This is when Enterprise lost me. The obsession with continuity took over and we got a triple episode story arc just to explain why the Klingons' makeup was so crappy in the 1960s. The final episode of Discovery proved nobody has learnt anything.
An utterly needless attempt to establish some back story to the character of Noonien Soong and a flimsy excuse to involve an actor from TNG. All in all, pretty pointless.
I hate these episodes so much. We could have just had the answer to the Klingon design changes being "we didnt have the money in the 1960s", but instead we get a convoluted set of episodes that never needed to exist and were generally not of the best quality.
My issue is Shaq and Brad Williams are both humans.
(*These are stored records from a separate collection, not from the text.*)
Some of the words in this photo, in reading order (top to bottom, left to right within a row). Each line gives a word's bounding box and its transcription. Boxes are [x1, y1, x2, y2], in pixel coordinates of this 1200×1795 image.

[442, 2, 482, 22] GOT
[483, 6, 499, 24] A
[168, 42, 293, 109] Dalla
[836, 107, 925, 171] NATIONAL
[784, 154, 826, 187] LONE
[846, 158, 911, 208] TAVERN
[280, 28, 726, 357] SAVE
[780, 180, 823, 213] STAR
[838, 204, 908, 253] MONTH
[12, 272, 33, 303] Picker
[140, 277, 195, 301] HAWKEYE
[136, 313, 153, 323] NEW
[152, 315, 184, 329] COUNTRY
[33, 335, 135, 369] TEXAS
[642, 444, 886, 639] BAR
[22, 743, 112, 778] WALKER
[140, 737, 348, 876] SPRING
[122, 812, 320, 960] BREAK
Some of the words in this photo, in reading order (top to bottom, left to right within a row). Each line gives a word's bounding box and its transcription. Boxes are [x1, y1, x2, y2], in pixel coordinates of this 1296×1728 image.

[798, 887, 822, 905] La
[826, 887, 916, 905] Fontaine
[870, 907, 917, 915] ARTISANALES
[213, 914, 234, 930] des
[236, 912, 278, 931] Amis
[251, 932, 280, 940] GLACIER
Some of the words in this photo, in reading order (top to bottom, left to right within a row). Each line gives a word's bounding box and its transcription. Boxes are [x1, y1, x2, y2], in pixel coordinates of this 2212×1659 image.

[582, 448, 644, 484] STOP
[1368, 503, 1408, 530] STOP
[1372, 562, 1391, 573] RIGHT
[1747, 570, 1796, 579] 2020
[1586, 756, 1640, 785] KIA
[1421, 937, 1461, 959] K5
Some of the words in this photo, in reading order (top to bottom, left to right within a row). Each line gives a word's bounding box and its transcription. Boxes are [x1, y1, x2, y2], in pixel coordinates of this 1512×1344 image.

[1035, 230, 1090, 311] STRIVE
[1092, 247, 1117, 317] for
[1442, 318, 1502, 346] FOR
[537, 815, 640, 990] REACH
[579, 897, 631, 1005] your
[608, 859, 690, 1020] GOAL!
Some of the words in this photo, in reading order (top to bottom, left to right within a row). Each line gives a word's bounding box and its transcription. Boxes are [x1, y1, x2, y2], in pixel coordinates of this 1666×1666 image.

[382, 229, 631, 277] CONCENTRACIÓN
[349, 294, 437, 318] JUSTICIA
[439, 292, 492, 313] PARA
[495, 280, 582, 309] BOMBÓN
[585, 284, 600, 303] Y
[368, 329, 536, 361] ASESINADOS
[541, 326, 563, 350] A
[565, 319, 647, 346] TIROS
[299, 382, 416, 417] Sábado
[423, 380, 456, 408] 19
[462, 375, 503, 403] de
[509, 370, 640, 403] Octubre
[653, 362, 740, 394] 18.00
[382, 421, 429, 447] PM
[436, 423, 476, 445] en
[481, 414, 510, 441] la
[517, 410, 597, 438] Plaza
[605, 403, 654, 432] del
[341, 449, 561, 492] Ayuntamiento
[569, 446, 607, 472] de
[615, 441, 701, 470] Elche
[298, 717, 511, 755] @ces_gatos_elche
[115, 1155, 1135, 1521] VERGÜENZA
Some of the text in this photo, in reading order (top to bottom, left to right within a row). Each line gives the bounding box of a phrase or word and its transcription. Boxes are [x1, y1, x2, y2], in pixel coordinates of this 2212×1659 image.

TOS Klingons, TNG Klingons, and DISCO Klingons all look more similar than the differences in the human race.
Those Soong genes are incredible! Every generation for centuries looks exactly like Brent Spiner! :P
My headcanon is that they're actually all the same guy, and he's either naturally immortal like that Flint guy from TOS, or else halted his own aging through his genetics work in the 21st century.
@@PostalHeathen”the seed is strong”
The seed is strong 😂
"Oh wow, they actually got Brent Spiner to come back for this? Awesome, can't go wrong with an episode where they actually brought a legacy actor back" - Me, 2004
To be fair, he is delightful being a massive pos in this episode.
I remember feeling that way when Voyager had George Takei, and then the actual episode... certainly was an episode.
A big reason why Season 4 had a bunch of two or three-parters is because they had their budget slashed for the season and felt they could make the budget go further by having sets and resources be used for more than one episodes.
The guy who played the leader of the augments in these episodes, Alec Newman, also played Paul Atreides in the Sci-Fi Channel's adaptation of Dune, which was by far the best adaptation of the books at the time. It was really weird to see him play the villain but I think he did well.
He's also Adam Smasher in Cyberpunk 2077 and Edgerunners! Wild!
thank you! I just remembered again that Malik's actor somehow felt familiar. Guess that 20 year old and long forgotten but resurfaced feeling has finally been resolved.
@@Hugh_IGlad to be of service, haha
@@disky01@hugh_i I'm here to present you with the award for "Most sane and normal use of the TH-cam comment section". Congratulations!
Wow, so this episode is full of guest stars.
I'm so glad you pointed that out. I also think the mini-series was the best in terms of narrative. All the nuances were there. It was gratifying to see Newman in another role that showed his versatility.
Best part of the episode is hte way the orion just picks T'pol up to show her off for the auction while she looks like maybe mildly inconvenienced. I don't know why it just cracks me up. My dude is impressively strong, and I just imagine the discussions on like deciding how to block that scene, like "oh, can you maybe lift her up a bit?" "sure, like THIS?"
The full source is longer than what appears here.